--- Directions for this task ---
Any pictures should be dropped; everything else in the records is to be returned exactly.

>>>

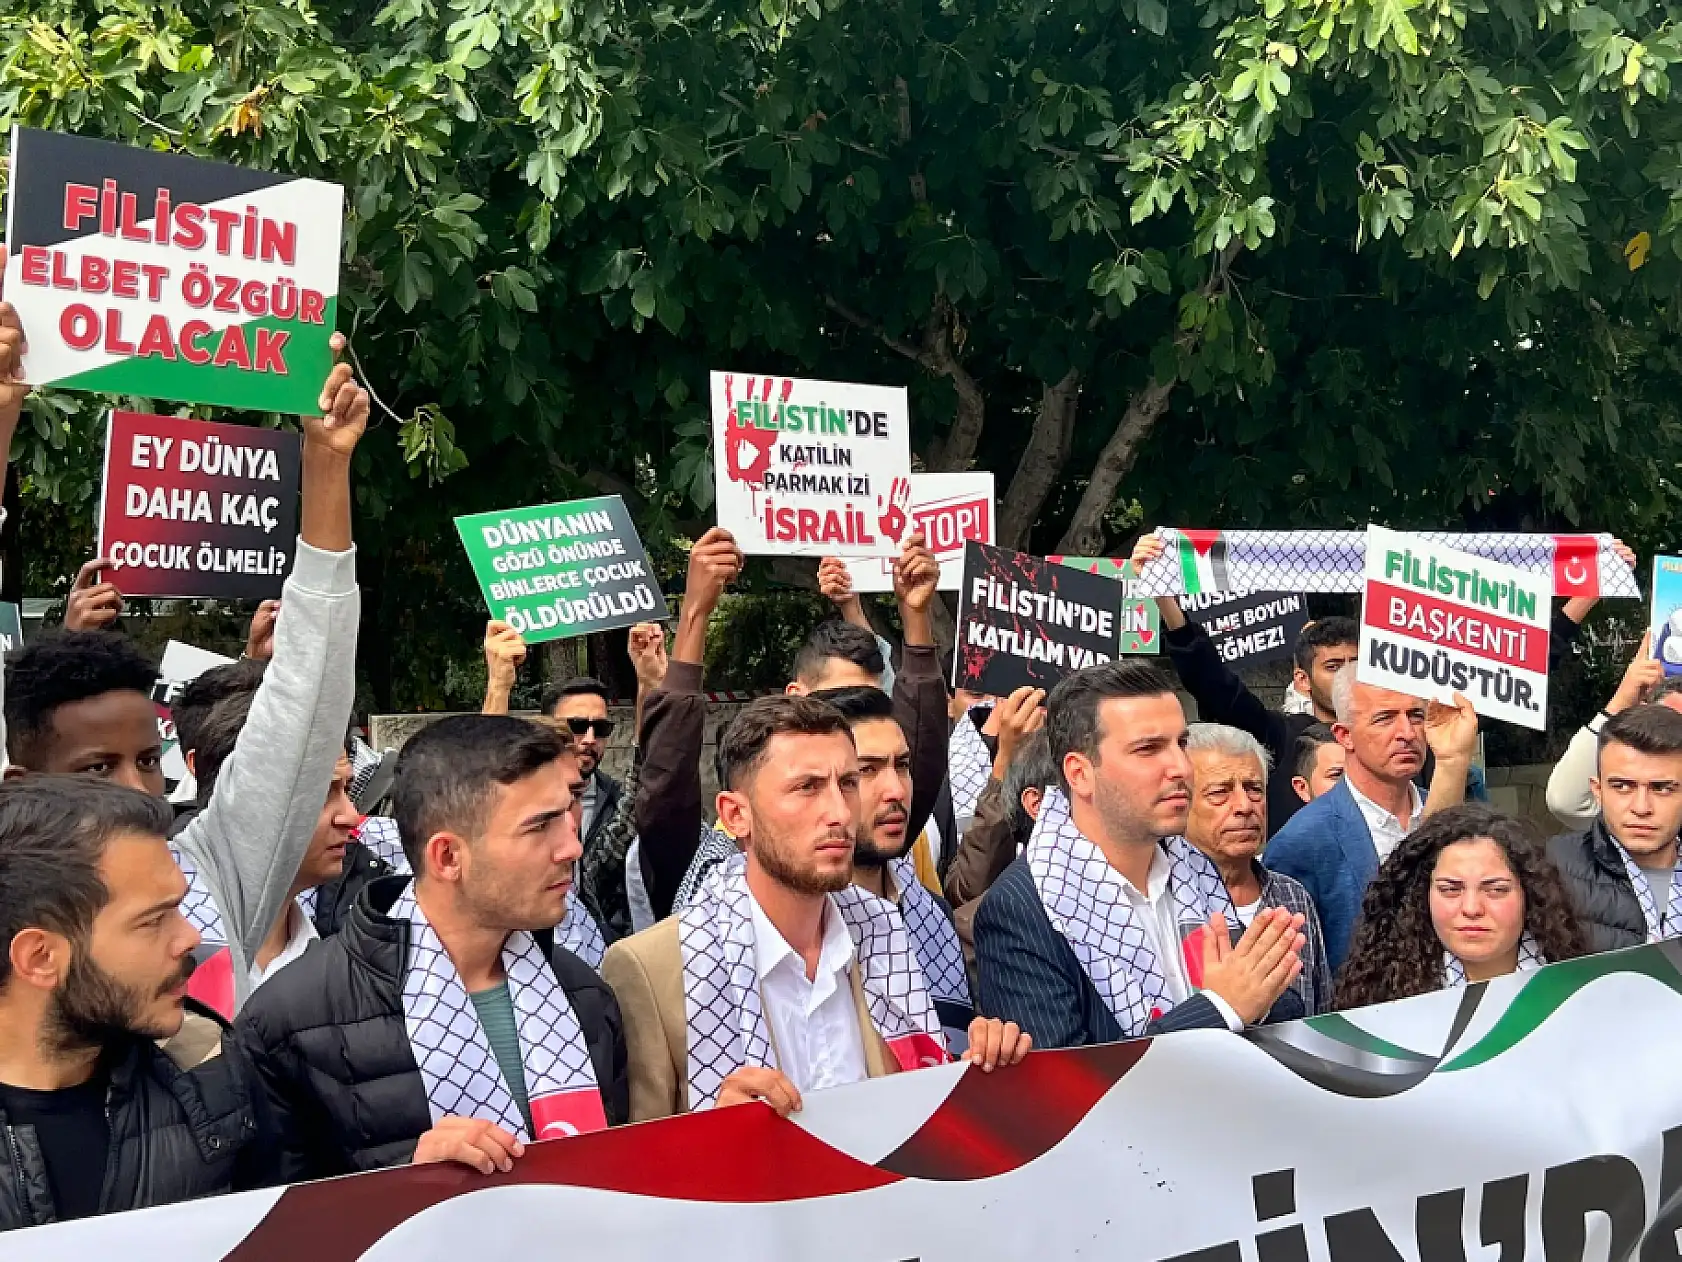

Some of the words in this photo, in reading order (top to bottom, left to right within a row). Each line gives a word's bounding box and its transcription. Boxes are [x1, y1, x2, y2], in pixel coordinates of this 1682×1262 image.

[63, 177, 297, 266] FİLİSTİN
[21, 245, 169, 302] ELBET
[181, 262, 326, 325] ÖZGÜR
[58, 303, 290, 374] OLACAK
[736, 395, 889, 438] FİLİSTİN'DE
[131, 434, 173, 470] EY
[179, 435, 281, 481] DÜNYA
[779, 441, 852, 467] KATİLİN
[764, 472, 844, 494] PARMAK
[847, 473, 871, 496] İZİ
[125, 483, 213, 523] DAHA
[220, 492, 280, 534] KAÇ
[481, 509, 614, 549] DÜNYANIN
[764, 497, 876, 545] İSRAİL
[109, 540, 192, 571] ÇOCUK
[196, 541, 286, 575] ÖLMELİ?
[491, 546, 545, 573] GÖZÜ
[548, 538, 626, 563] ÖNÜNDE
[489, 570, 582, 600] BİNLERCE
[582, 560, 646, 587] ÇOCUK
[1385, 549, 1536, 621] FİLİSTİN'İN
[504, 583, 656, 634] ÖLDÜRÜLDÜ
[971, 575, 1113, 638] FİLİSTİN'DE
[1201, 611, 1241, 637] LME
[1242, 594, 1301, 626] BOYUN
[1389, 596, 1527, 662] BAŞKENTİ
[967, 621, 1063, 667] KATLİAM
[1369, 638, 1540, 711] KUDÜS'TÜR.
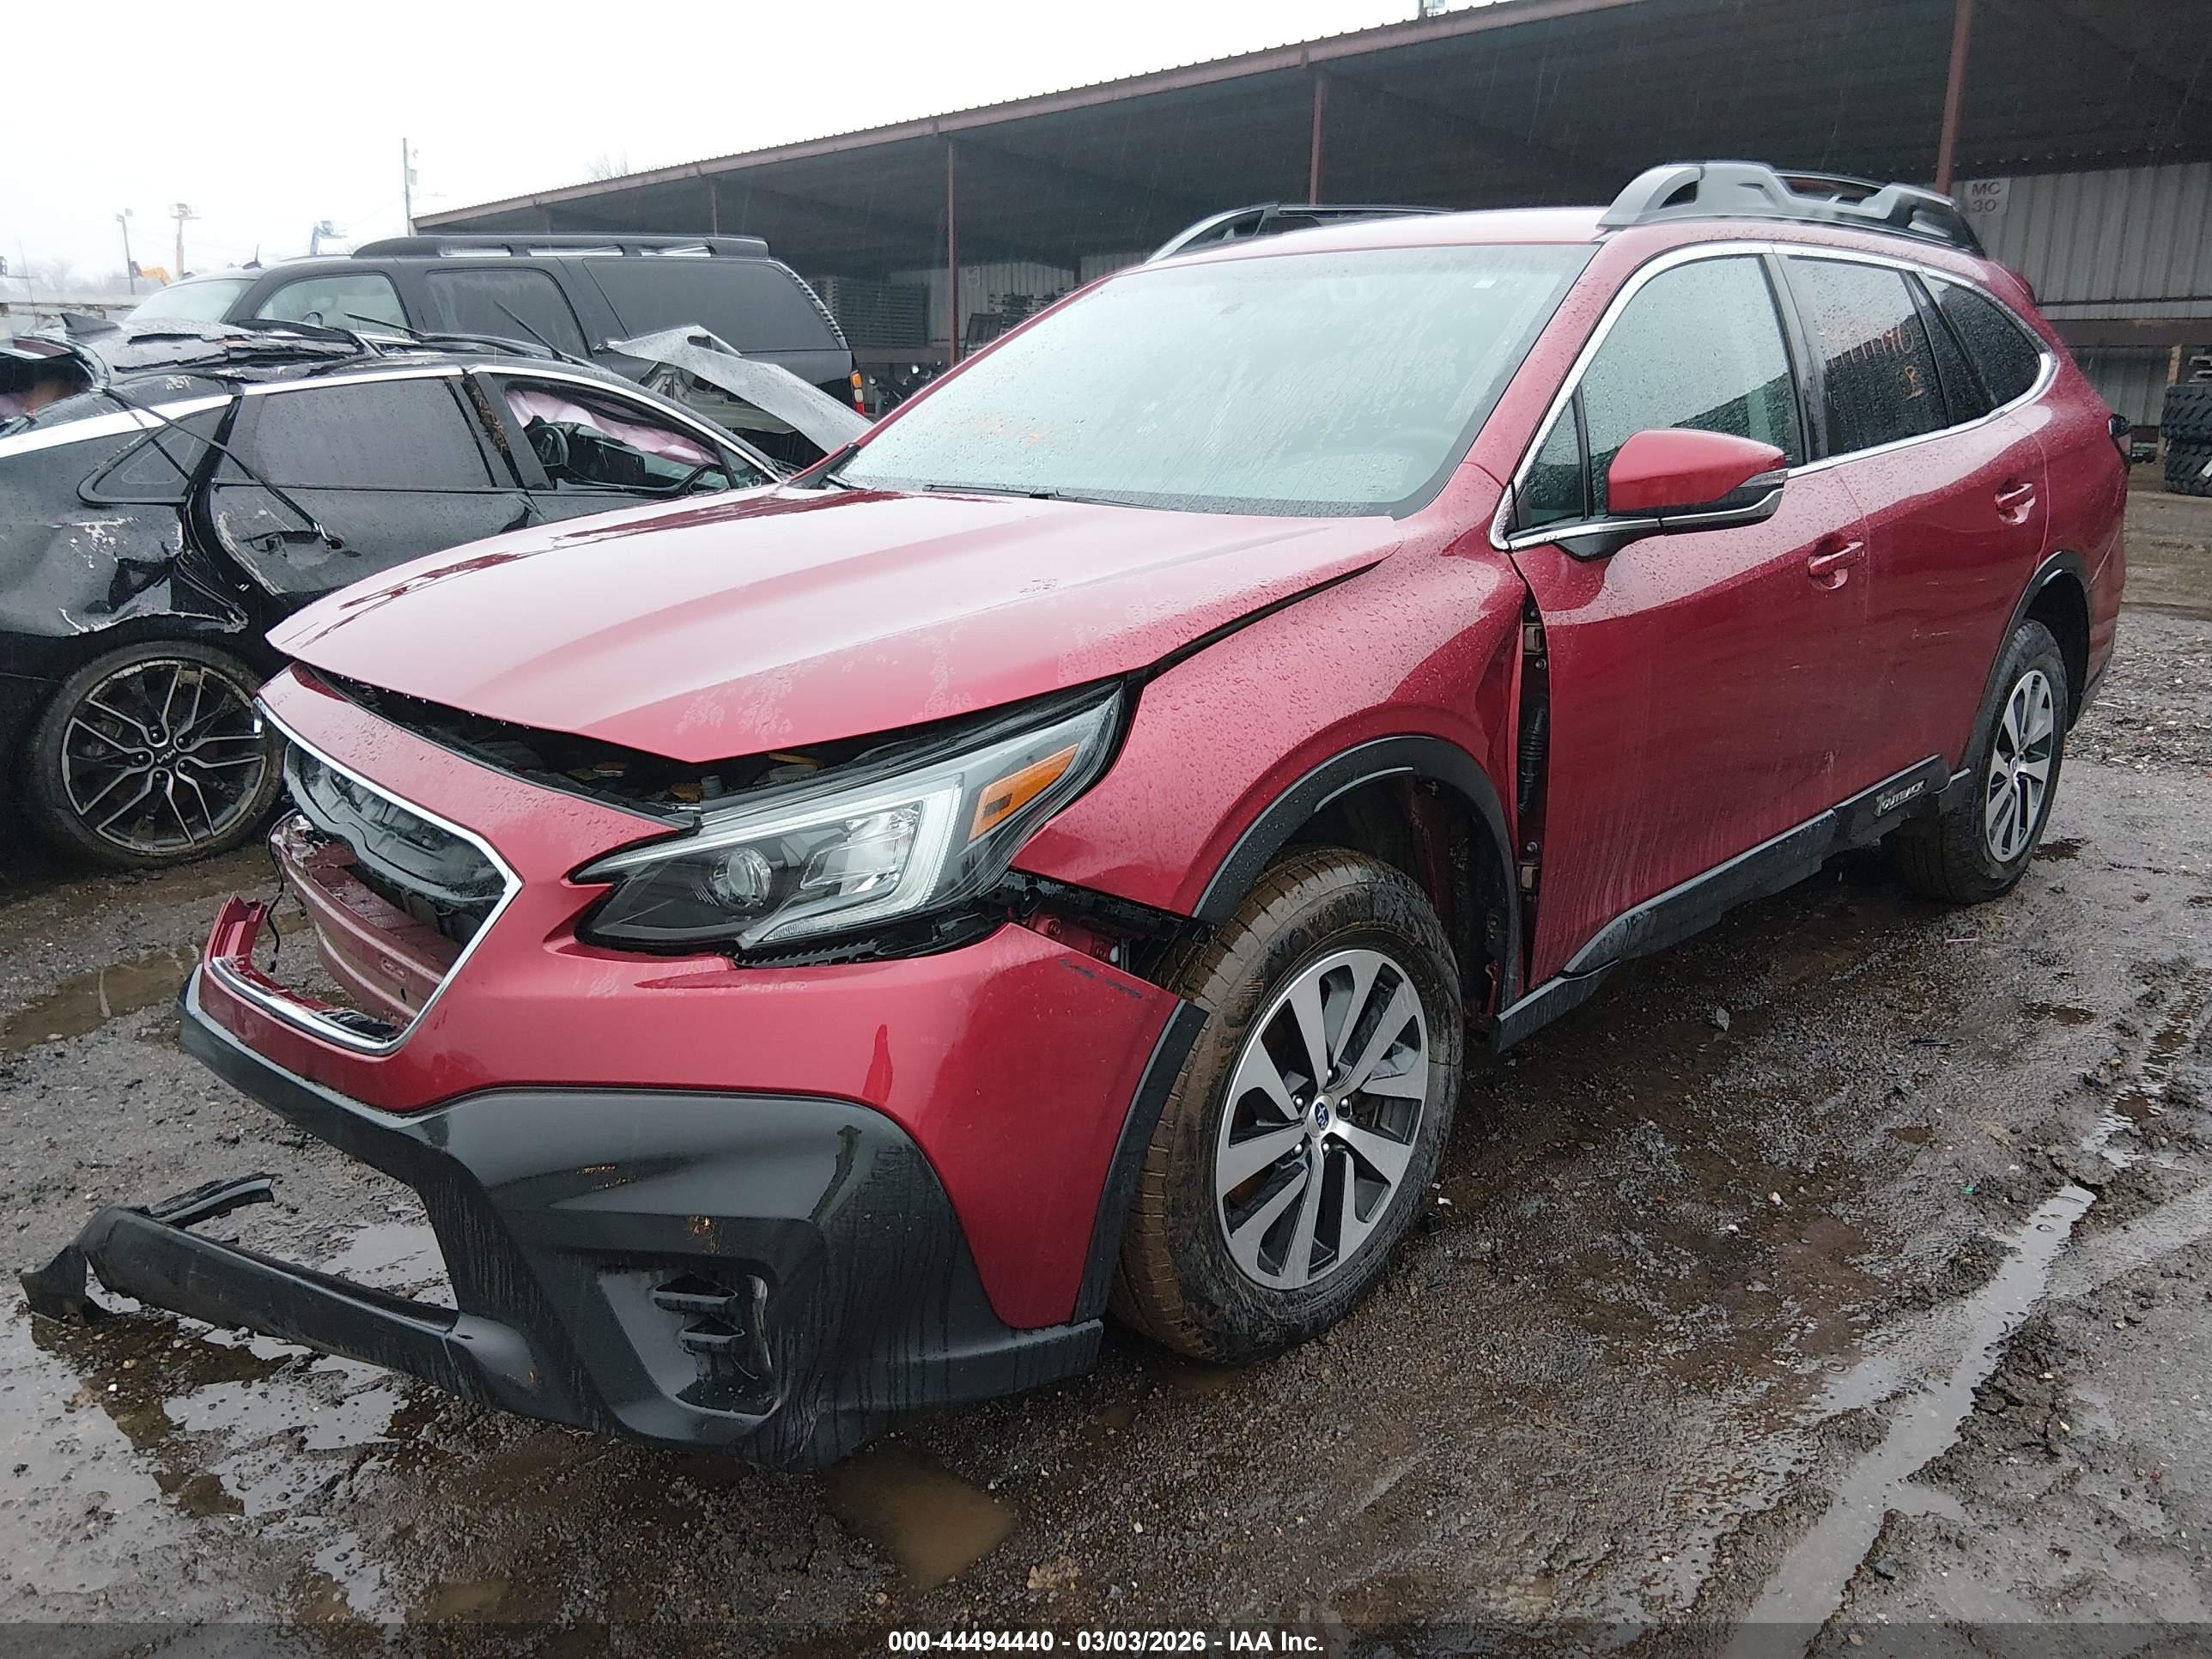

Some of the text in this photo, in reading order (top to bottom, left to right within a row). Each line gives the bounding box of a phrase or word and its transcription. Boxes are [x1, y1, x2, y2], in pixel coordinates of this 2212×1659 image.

[1972, 181, 2002, 197] MC
[1972, 198, 1998, 213] 30
[1881, 779, 1925, 810] OUTBACK

<<<

--- Answer section ---
Some of the words in this photo, in reading order (top to bottom, left to right within a row). Each line gives a word's bounding box and its transcription. Boxes are [x1, y1, x2, y2], in pixel coordinates of this 1682×1262 image.

[63, 177, 297, 266] FİLİSTİN
[21, 245, 169, 302] ELBET
[181, 262, 326, 325] ÖZGÜR
[58, 303, 290, 374] OLACAK
[736, 395, 889, 438] FİLİSTİN'DE
[131, 434, 173, 470] EY
[179, 435, 281, 481] DÜNYA
[779, 441, 852, 467] KATİLİN
[764, 472, 844, 494] PARMAK
[847, 473, 871, 496] İZİ
[125, 483, 213, 523] DAHA
[220, 492, 280, 534] KAÇ
[481, 509, 614, 549] DÜNYANIN
[764, 497, 876, 545] İSRAİL
[109, 540, 192, 571] ÇOCUK
[196, 541, 286, 575] ÖLMELİ?
[491, 546, 545, 573] GÖZÜ
[548, 538, 626, 563] ÖNÜNDE
[489, 570, 582, 600] BİNLERCE
[582, 560, 646, 587] ÇOCUK
[1385, 549, 1536, 621] FİLİSTİN'İN
[504, 583, 656, 634] ÖLDÜRÜLDÜ
[971, 575, 1113, 638] FİLİSTİN'DE
[1201, 611, 1241, 637] LME
[1242, 594, 1301, 626] BOYUN
[1389, 596, 1527, 662] BAŞKENTİ
[967, 621, 1063, 667] KATLİAM
[1369, 638, 1540, 711] KUDÜS'TÜR.

Some of the text in this photo, in reading order (top to bottom, left to right within a row). Each line gives the bounding box of a phrase or word and its transcription. Boxes are [x1, y1, x2, y2], in pixel coordinates of this 2212×1659 image.

[1972, 181, 2002, 197] MC
[1972, 198, 1998, 213] 30
[1881, 779, 1925, 810] OUTBACK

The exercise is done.